[EXCERPTED DATA — start]
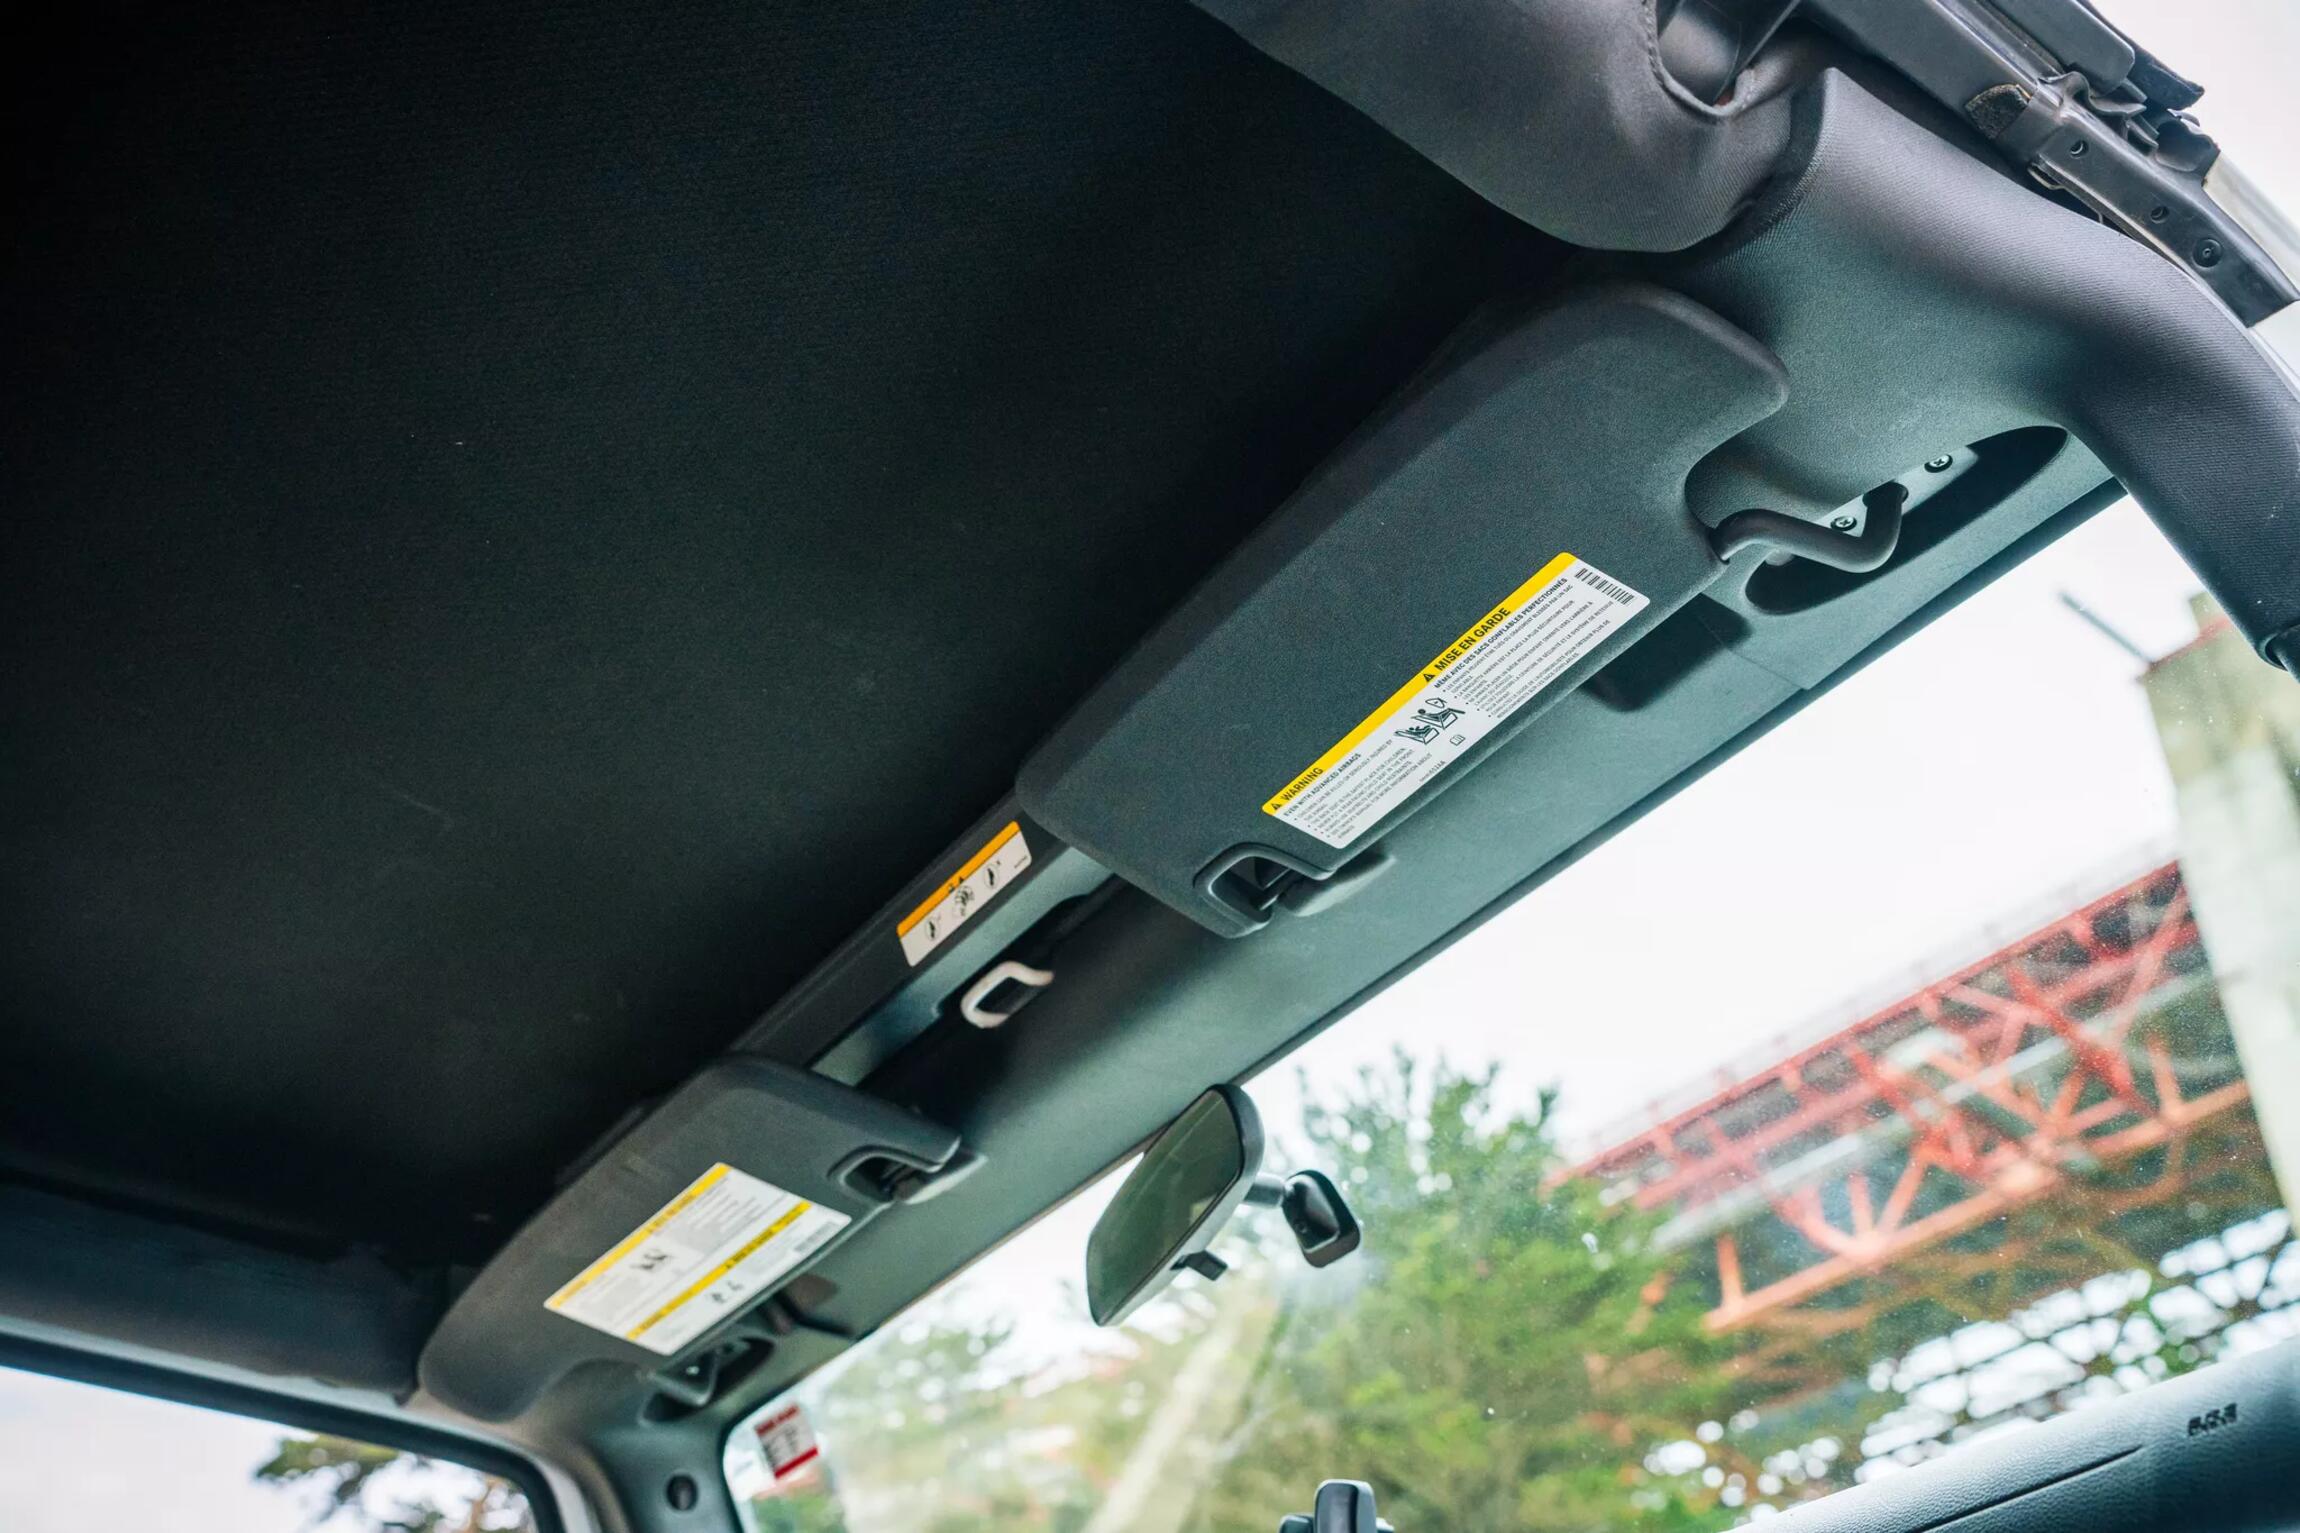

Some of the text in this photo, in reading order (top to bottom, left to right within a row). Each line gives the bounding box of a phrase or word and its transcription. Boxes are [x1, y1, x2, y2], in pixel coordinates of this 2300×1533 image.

[1433, 607, 1511, 670] MISE EN GARDE
[1448, 662, 1465, 675] AVEC
[1462, 653, 1476, 664] DES
[1473, 642, 1490, 655] SACS
[1486, 614, 1524, 644] GONFLABLES
[1520, 577, 1568, 615] PERFECTIONNÉS
[1279, 766, 1324, 801] WARNING
[1282, 804, 1299, 816] EVEN
[1296, 793, 1313, 805] WITH
[1309, 771, 1339, 794] ADVANCED
[1336, 752, 1362, 772] AIRBAGS
[EXCERPTED DATA — finish]
ASSIGNMENT - Restate, word for word, the entries above, dropping any picture.

OUTPUT -
Some of the text in this photo, in reading order (top to bottom, left to right within a row). Each line gives the bounding box of a phrase or word and its transcription. Boxes are [x1, y1, x2, y2], in pixel coordinates of this 2300×1533 image.

[1433, 607, 1511, 670] MISE EN GARDE
[1448, 662, 1465, 675] AVEC
[1462, 653, 1476, 664] DES
[1473, 642, 1490, 655] SACS
[1486, 614, 1524, 644] GONFLABLES
[1520, 577, 1568, 615] PERFECTIONNÉS
[1279, 766, 1324, 801] WARNING
[1282, 804, 1299, 816] EVEN
[1296, 793, 1313, 805] WITH
[1309, 771, 1339, 794] ADVANCED
[1336, 752, 1362, 772] AIRBAGS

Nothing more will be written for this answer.